This document has been prepared by the University Area Joint Authority (UAJA), in cooperation with the Centre Regional Planning Commission (CRPC), to serve as a revision to the 1990 Centre Region Act 537 Plan. The purpose of the revision is to provide a comprehensive, detailed summary of the extensive wastewater planning and technological based evaluation that has been completed in accordance with the long-range planning goals of the 1990 Act 537 Plan. This revision has been assembled from numerous reports, studies, and pilot tests which have been completed by the UAJA since the 1990 Plan was adopted. Started in the mid-1990’s, the project has evolved from a classic wastewater needs based planning solution to an integrated and innovative Watershed Management Program. The planning for this document has been intensive and detailed due to the complex issues associated with the unique environmental characteristics of the Centre Region, most notably the Spring Creek watershed. A total of fourteen wastewater treatment alternatives were developed and analyzed for technical merit, economic feasibility, and overall benefit to the environment. As the planning work has progressed, some of these alternatives have been eliminated as viable solutions due to one major issue – a conventional expansion of the existing UAJA plant with a stream discharge in excess of 6.0 Million Gallons Per Day (MGD) has been ruled out due to negative thermal impacts upon Spring Creek determined by the 316(a) demonstration.
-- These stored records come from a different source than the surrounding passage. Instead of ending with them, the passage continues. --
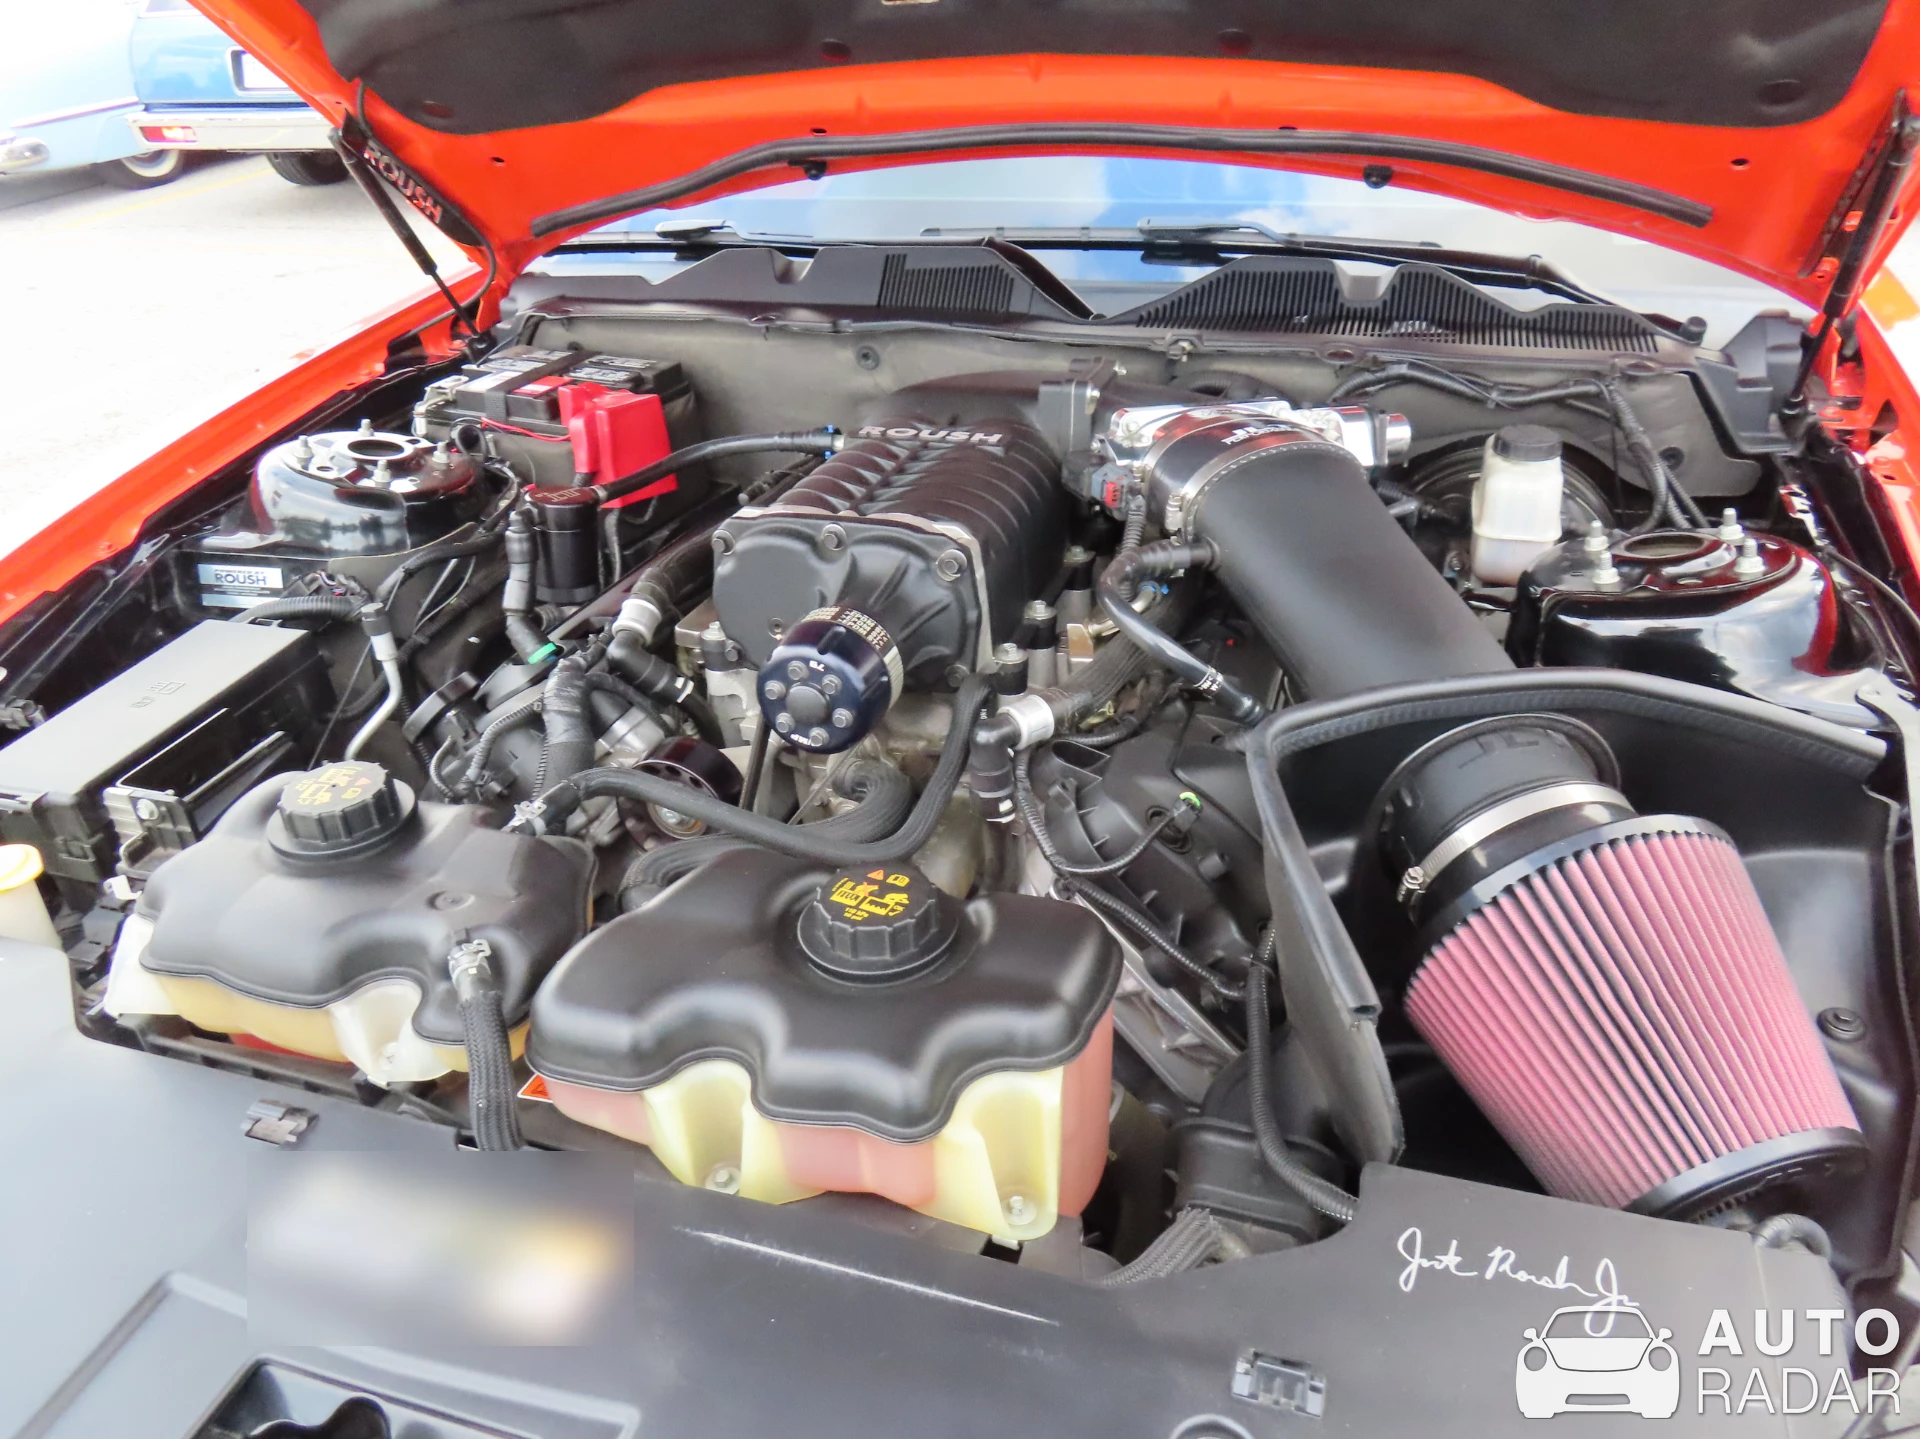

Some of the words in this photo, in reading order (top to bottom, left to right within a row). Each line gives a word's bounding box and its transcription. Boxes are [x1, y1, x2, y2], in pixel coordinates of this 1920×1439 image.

[363, 139, 443, 224] ROUSH
[858, 425, 1003, 444] ROUSH
[214, 573, 267, 586] ROUSH
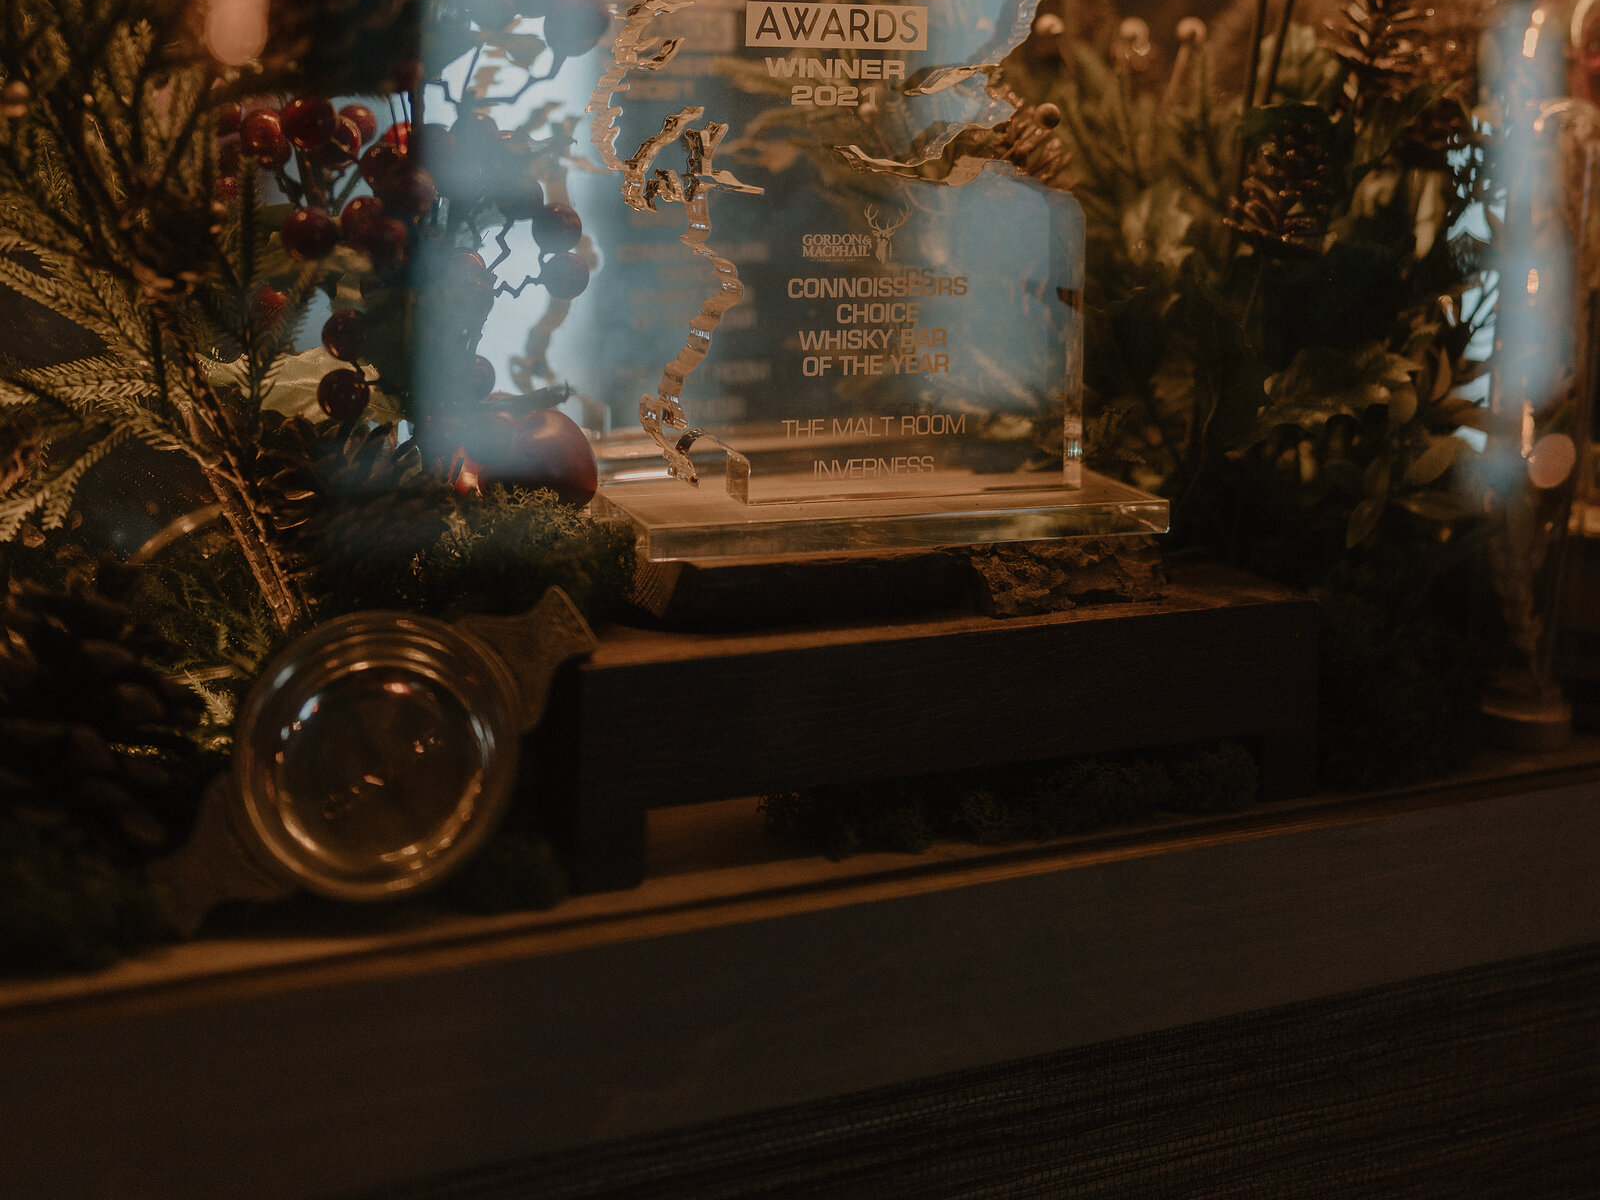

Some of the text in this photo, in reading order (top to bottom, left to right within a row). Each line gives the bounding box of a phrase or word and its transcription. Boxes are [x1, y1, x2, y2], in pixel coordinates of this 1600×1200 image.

[755, 6, 919, 43] AWARDS
[765, 57, 906, 80] WINNER
[791, 85, 876, 107] 2021
[787, 276, 968, 299] CONNOISSEURS
[836, 302, 920, 325] CHOICE
[799, 328, 948, 351] WHISKY BAR
[802, 353, 950, 377] OF THE YEAR
[781, 414, 967, 440] THE MALT ROOM
[813, 455, 935, 481] INVERNESS
The 316(a) demonstration conducted by UAJA lasted for more than four years and concluded that the temperature effects of discharges from the UAJA plant up to 6.0 MGD had no adverse impacts to Spring Creeks indigenous populations. However, an extrapolation of modeling completed as part of the 316(a) demonstration indicated that any discharge above 6.0 MGD on an annual average basis will have an adverse impact upon the indigenous populations of Spring Creek and will not be permitted. The recommended alternative, known as Beneficial Reuse, has been developed by the UAJA as a method to allow managed growth to continue within the Centre Region, while maintaining a high quality of life for the residents of the Region and protecting the natural environment. The Beneficial Reuse alternative incorporates improvements to the existing UAJA wastewater treatment plant; transmission, distribution, and storage system components to convey water to reuse customers and stream augmentation points; and constructed wetlands to act as natural buffers.
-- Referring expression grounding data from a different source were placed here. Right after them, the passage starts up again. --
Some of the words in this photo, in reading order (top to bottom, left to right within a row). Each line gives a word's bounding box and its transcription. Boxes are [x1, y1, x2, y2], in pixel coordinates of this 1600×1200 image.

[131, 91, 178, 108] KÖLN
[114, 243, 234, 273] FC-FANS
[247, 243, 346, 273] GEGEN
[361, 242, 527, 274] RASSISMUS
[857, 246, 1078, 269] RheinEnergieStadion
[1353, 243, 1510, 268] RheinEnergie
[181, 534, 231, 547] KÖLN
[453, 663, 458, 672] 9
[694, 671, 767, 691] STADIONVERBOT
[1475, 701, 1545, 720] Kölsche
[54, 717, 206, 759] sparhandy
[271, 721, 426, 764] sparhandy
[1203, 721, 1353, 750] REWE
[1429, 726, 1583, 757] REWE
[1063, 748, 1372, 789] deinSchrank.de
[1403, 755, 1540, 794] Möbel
The recommended alternative has an estimated cost of approximately $55 Million to implement in total with three phases proposed for 2002, 2008 and 2013 respectively. The proposed phases are as follows:



The UAJA, Spring Creek Pollution Control Facility will be expanded to treat 9.0 MGD of raw wastewater. Additionally, the upgrade will include a regional compost facility that will have a nominal capacity to treat the biosolids from 12.0 MGD of wastewater. The excess compost capacity will allow UAJA to accept biosolids from other sources in the Spring Creek Watershed and the surrounding area. Finally the expanded facility will be designed to incorporate a septage receiving station with the ability to receive the Centre Regions on-lot residuals assuming 2020 "buildout" and a pump out frequency of once every three years.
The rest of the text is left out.